The following must be carried out: a staff member must remain with the deceased until otherwise directed by a member of ACT Policing. That person should record notes of their involvement, including the time they were allocated to remain with the deceased and any other relevant events; if the deceased is located in a common area, ensure other residents are moved away from the area; in the event staff have any suspicion that the deceased’s death was caused by another person, where safe a staff member must be assigned to remain with the suspect until otherwise directed by a member of ACT Policing. That staff member will ensure the suspect remains in the same clothing and is not washed (including their hands); staff should conduct a welfare check of all other residents in the area. A record should be made of which staff member/s conducted the welfare check and the residents checked by them; staff should immediately advise a member of ACT Policing of other residents with recent injuries as identified during the welfare check; any visitors to the facility should remain there until otherwise directed by a member of ACT Policing. If visitors insist on leaving a record should be made of their details, a description of their appearance, details of any vehicle they depart in and the time they left the facility. If the visitor is not known to staff photographic identification should be requested and details recorded; and
any cleaners and laundry workers operating at the residence should be stopped until otherwise directed by Police, including the emptying of bins, collection and washing of laundry throughout the residence.

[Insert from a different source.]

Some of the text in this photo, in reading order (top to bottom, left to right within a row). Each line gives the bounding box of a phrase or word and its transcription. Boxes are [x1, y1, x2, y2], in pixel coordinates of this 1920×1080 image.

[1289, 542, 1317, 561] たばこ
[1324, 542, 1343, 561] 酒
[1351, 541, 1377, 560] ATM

The following conduct should not be carried out until otherwise directed by Police: the deceased should not be disturbed in any way (this includes placing a sheet over them); the deceased should not be moved; the deceased should not be washed; the deceased should not be touched, other than to check for signs of life and potentially administer medical assistance; when the deceased dies after medical assistance, no apparatus should be removed from the deceased’s body; the deceased’s family members should not be contacted; and the deceased’s belongings should not be touched.

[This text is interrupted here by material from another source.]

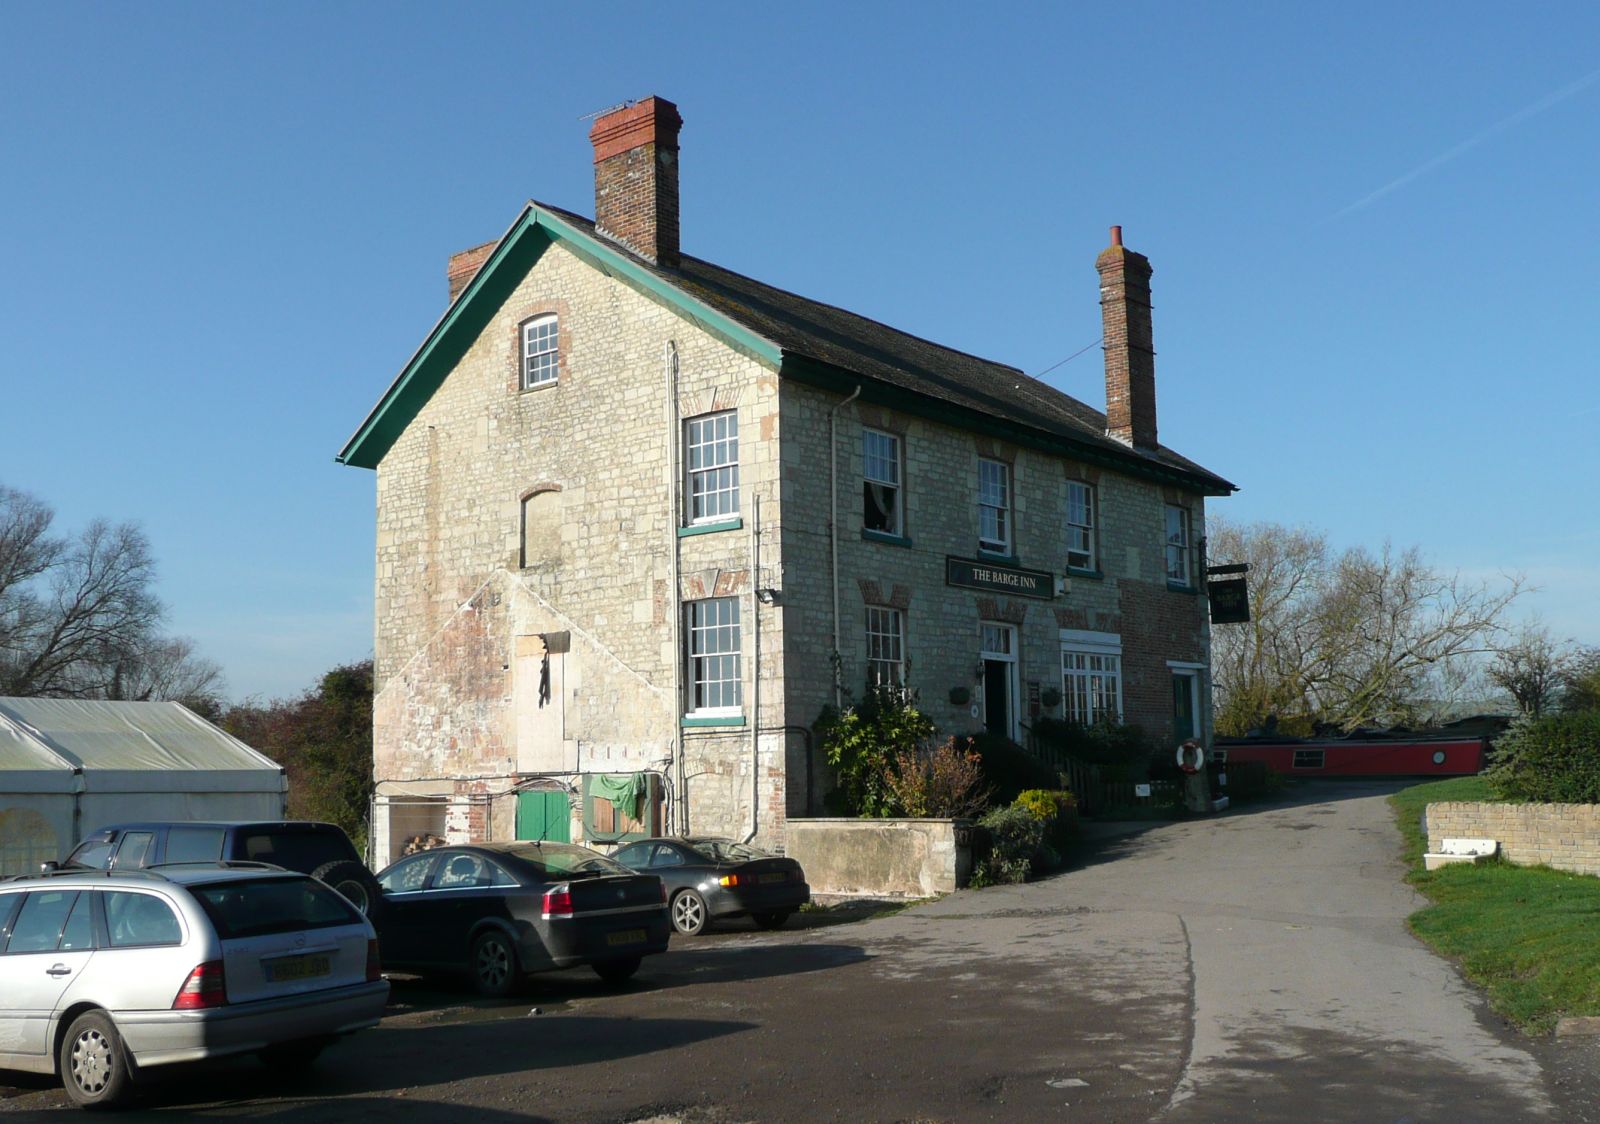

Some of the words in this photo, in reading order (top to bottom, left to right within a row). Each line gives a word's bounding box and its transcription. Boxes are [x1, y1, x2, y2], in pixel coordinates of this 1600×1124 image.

It should be noted that it is a criminal offence not to report a suspicious death to Police or the ACT Coroner.
Section 77 of the Coroner’s Act 1997 Obligation to report death (1) A person commits an offence if the person—
(a) knows that a death has happened; and
(b) has reasonable grounds to believe that—
(i) a coroner would have jurisdiction to hold an inquest in relation to the death; and (ii) the death has not been reported to a coroner or a police officer; and
(c) does not report the death to a coroner or a police officer as soon as practicable after becoming aware of it and having the reasonable grounds mentioned in paragraph (b).
Maximum penalty: 50 penalty units, imprisonment for 6 months or both.